AIM OF THE TASK
Emit the data below verbatim, stripping out any pictures.

(Text-to-region grounding data)
┏━━

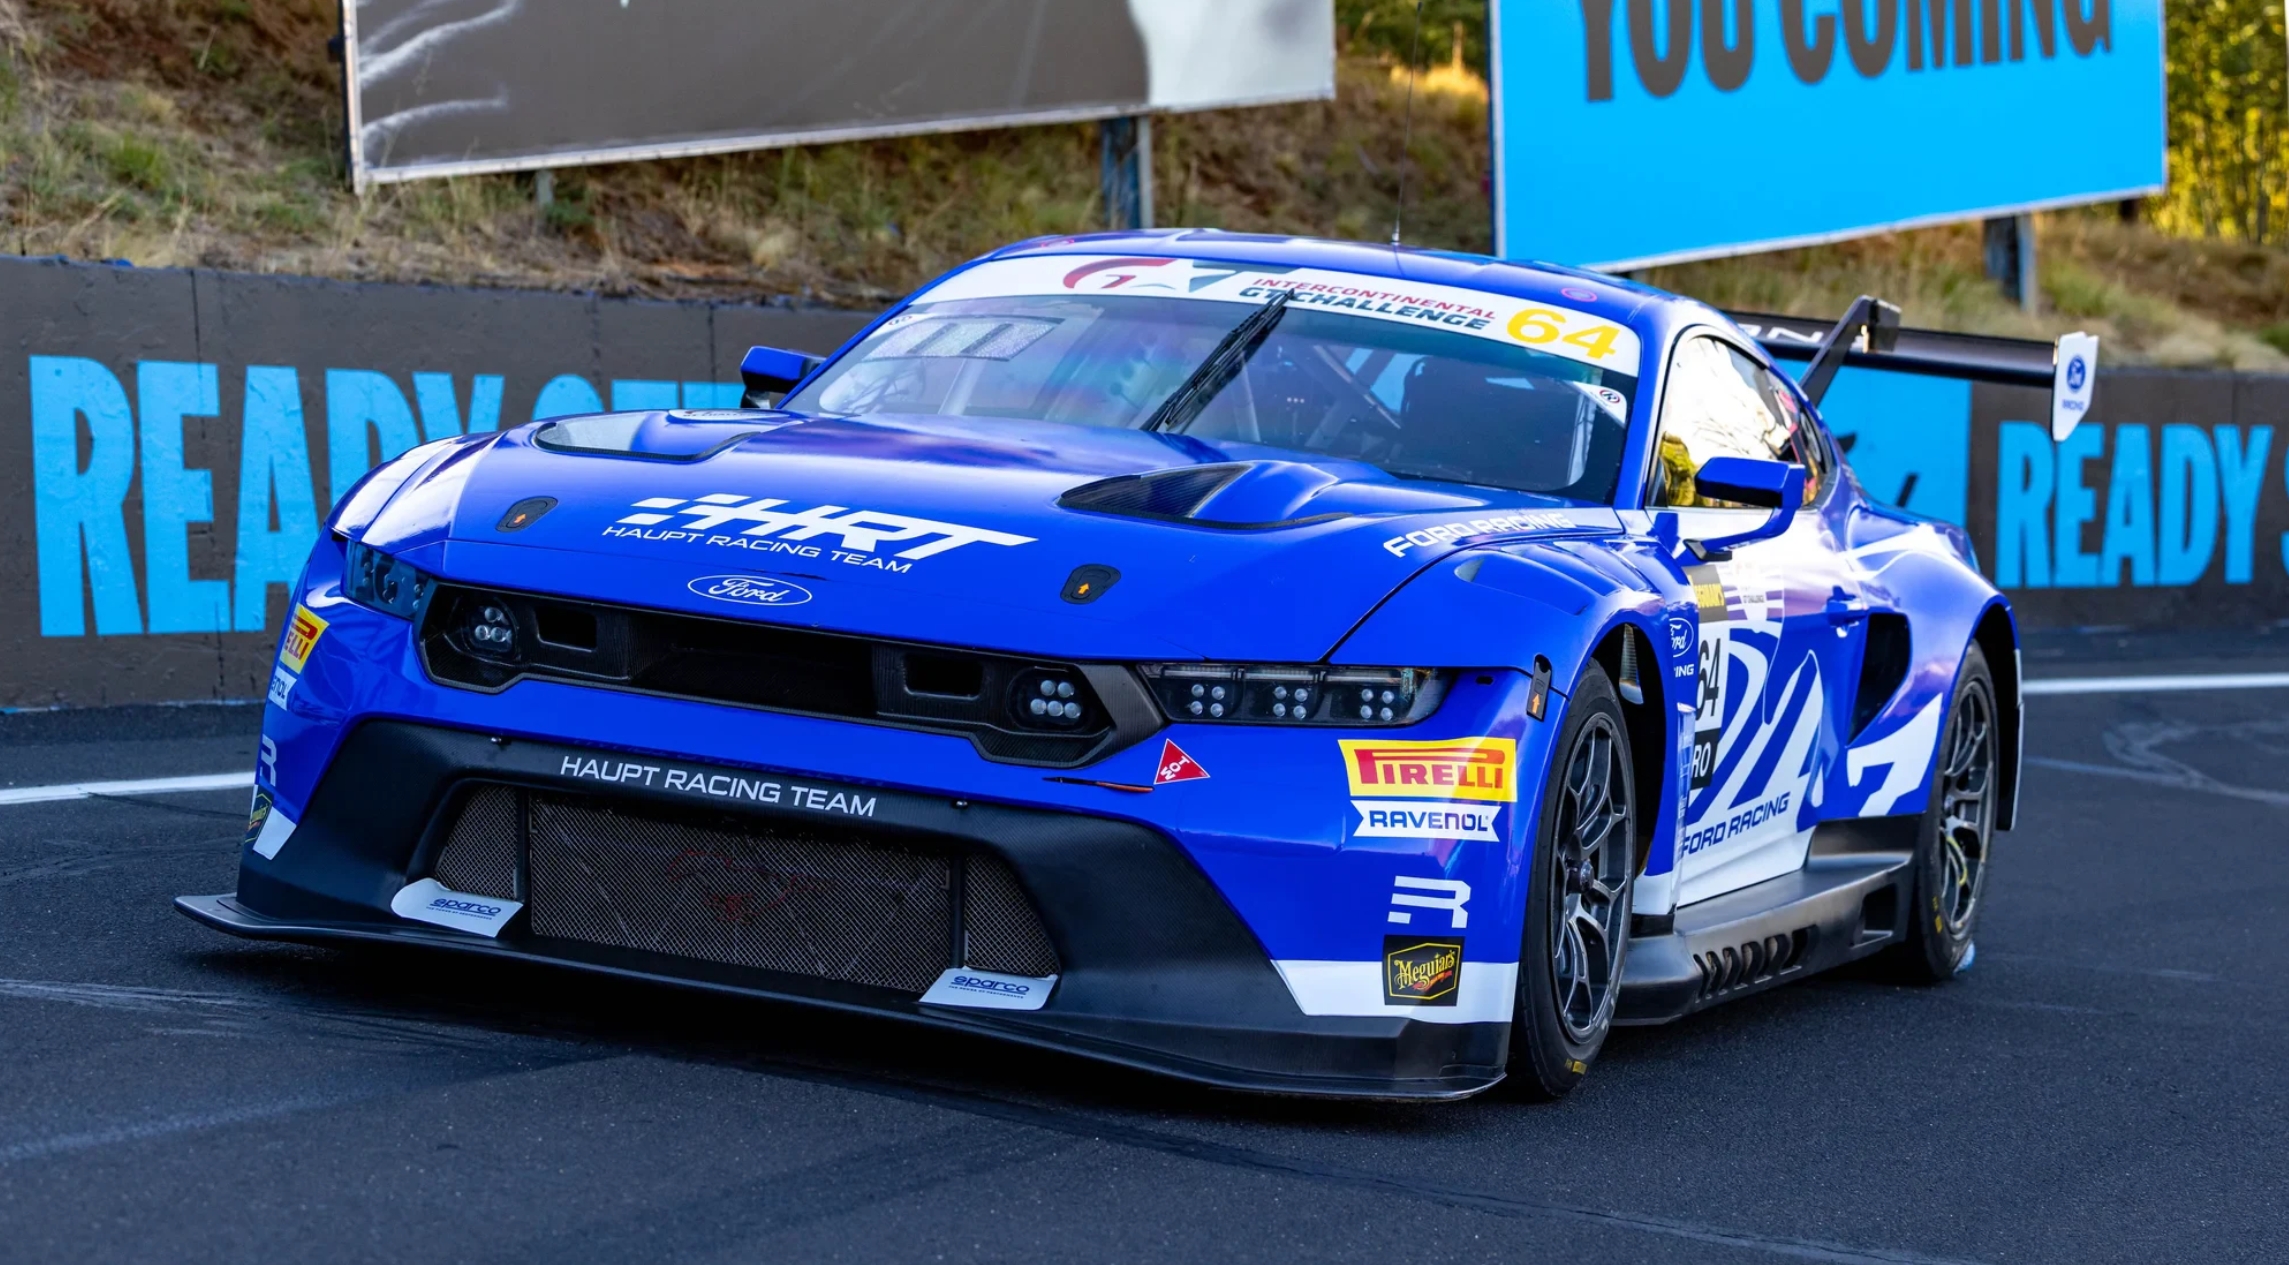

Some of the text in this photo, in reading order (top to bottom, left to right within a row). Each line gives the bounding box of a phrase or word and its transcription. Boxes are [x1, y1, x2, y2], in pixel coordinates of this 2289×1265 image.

[1252, 278, 1497, 320] INTERCONTINENTAL
[1293, 291, 1491, 331] CHALLENGE
[1507, 308, 1620, 359] 64
[29, 354, 505, 638] REA
[1994, 420, 2275, 588] READY
[602, 526, 912, 574] HAUPT RACING TEAM
[1383, 513, 1577, 558] FORD RACING
[708, 578, 790, 602] Ford
[1674, 664, 1694, 678] ING
[1695, 638, 1721, 721] 64
[560, 755, 877, 817] HAUPT RACING TEAM
[1160, 755, 1190, 781] TOW
[1354, 747, 1505, 789] PIRELLI
[1369, 810, 1489, 832] RAVENOL
[1681, 791, 1791, 858] FORD RACING
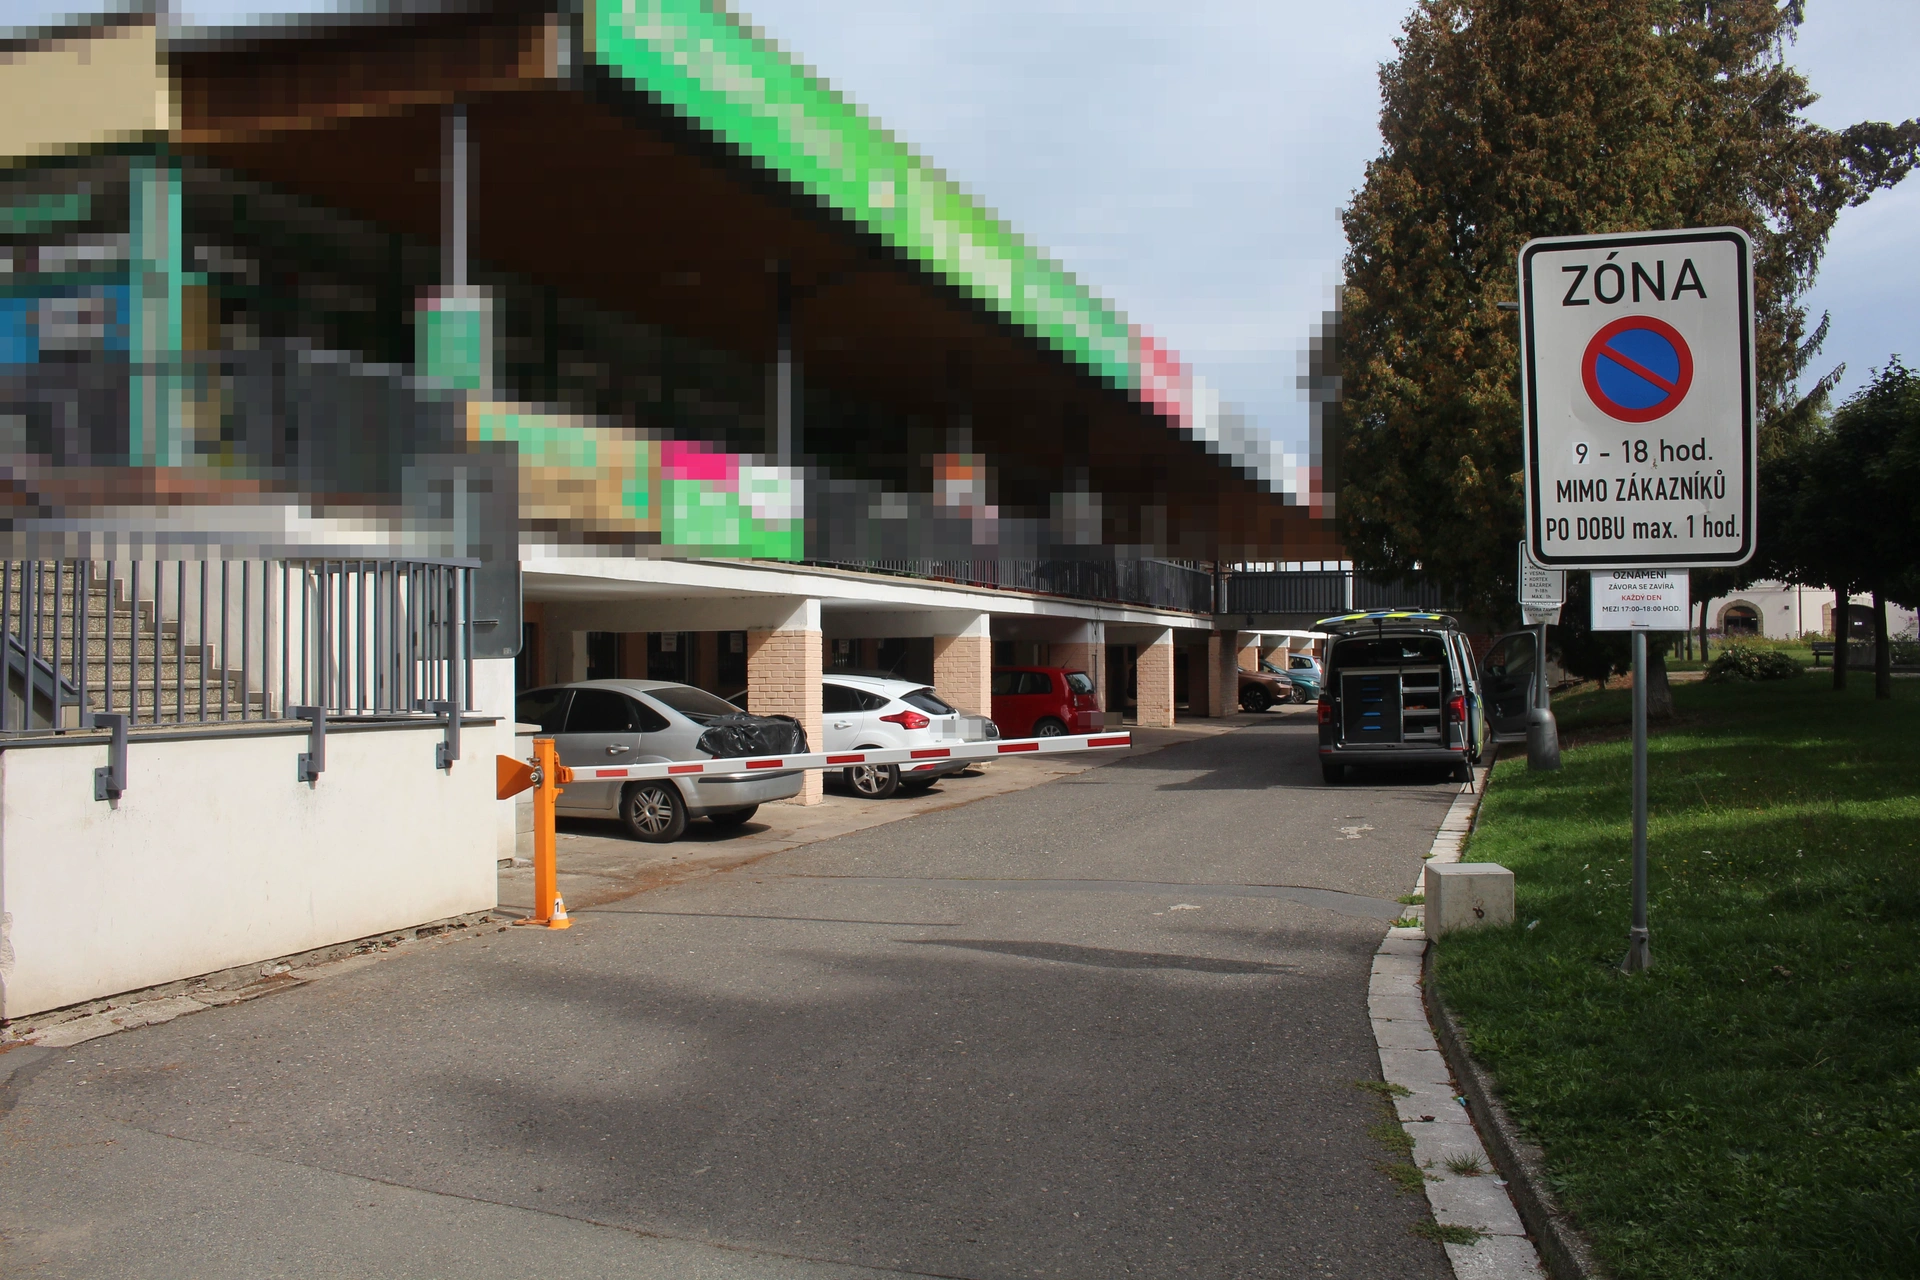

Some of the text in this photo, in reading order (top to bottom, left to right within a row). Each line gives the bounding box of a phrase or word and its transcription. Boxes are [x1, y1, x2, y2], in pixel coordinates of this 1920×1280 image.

[1562, 252, 1707, 306] ZÓNA
[1575, 443, 1588, 463] 9
[1622, 440, 1648, 463] 18
[1660, 437, 1713, 462] hod.
[1556, 469, 1725, 503] MIMO ZÁKAZNÍKŮ
[1546, 514, 1740, 541] PO DOBU max. 1 hod.
[1608, 582, 1637, 590] ZÁVORA
[1649, 582, 1674, 590] ZAVÍRÁ
[1621, 593, 1645, 601] KAŽDÝ
[555, 901, 560, 913] 1
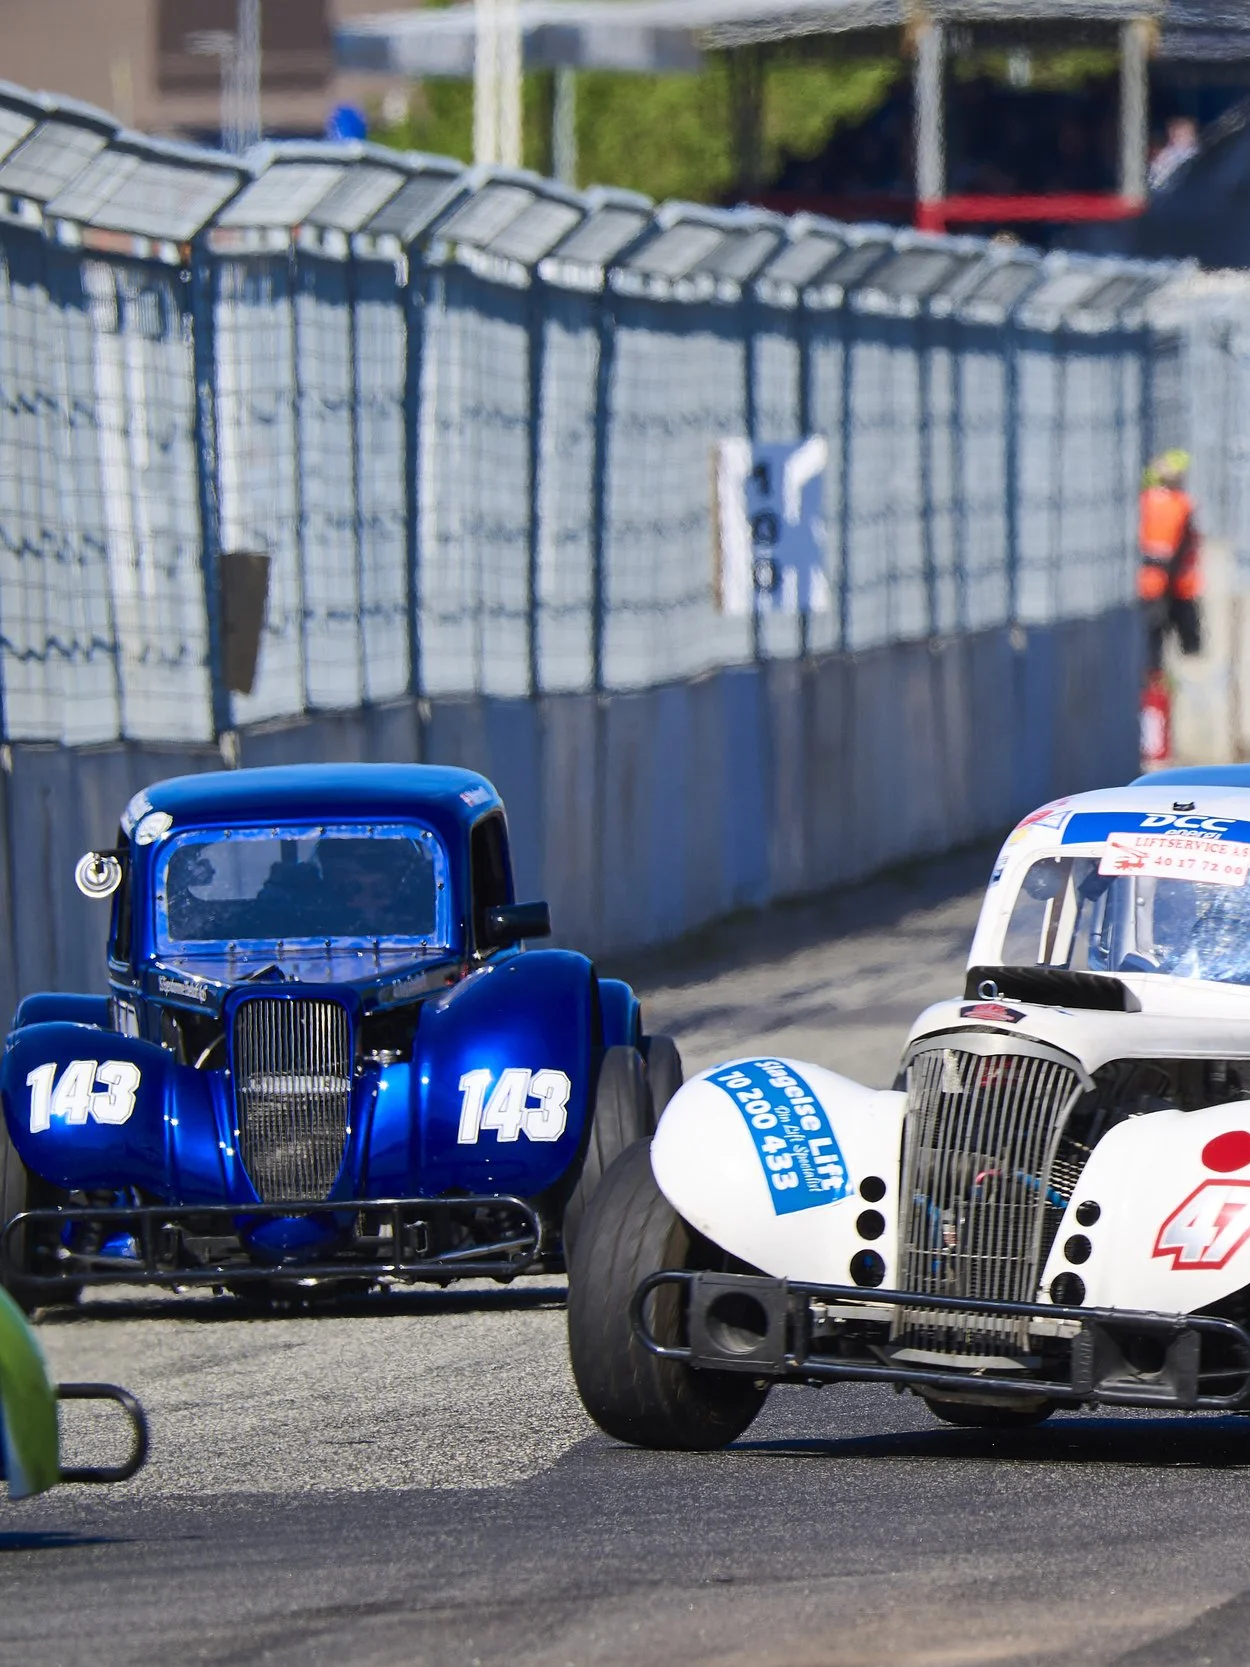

┗━━

RESULT BELOW
Some of the text in this photo, in reading order (top to bottom, left to right within a row). Each line gives the bounding box of a phrase or word and its transcription. Boxes are [x1, y1, x2, y2], in pixel coordinates of this 2289×1265 image.

[1252, 278, 1497, 320] INTERCONTINENTAL
[1293, 291, 1491, 331] CHALLENGE
[1507, 308, 1620, 359] 64
[29, 354, 505, 638] REA
[1994, 420, 2275, 588] READY
[602, 526, 912, 574] HAUPT RACING TEAM
[1383, 513, 1577, 558] FORD RACING
[708, 578, 790, 602] Ford
[1674, 664, 1694, 678] ING
[1695, 638, 1721, 721] 64
[560, 755, 877, 817] HAUPT RACING TEAM
[1160, 755, 1190, 781] TOW
[1354, 747, 1505, 789] PIRELLI
[1369, 810, 1489, 832] RAVENOL
[1681, 791, 1791, 858] FORD RACING

Some of the text in this photo, in reading order (top to bottom, left to right within a row). Each line gives the bounding box of a phrase or word and its transcription. Boxes are [x1, y1, x2, y2], in pixel coordinates of this 1920×1280 image.

[1562, 252, 1707, 306] ZÓNA
[1575, 443, 1588, 463] 9
[1622, 440, 1648, 463] 18
[1660, 437, 1713, 462] hod.
[1556, 469, 1725, 503] MIMO ZÁKAZNÍKŮ
[1546, 514, 1740, 541] PO DOBU max. 1 hod.
[1608, 582, 1637, 590] ZÁVORA
[1649, 582, 1674, 590] ZAVÍRÁ
[1621, 593, 1645, 601] KAŽDÝ
[555, 901, 560, 913] 1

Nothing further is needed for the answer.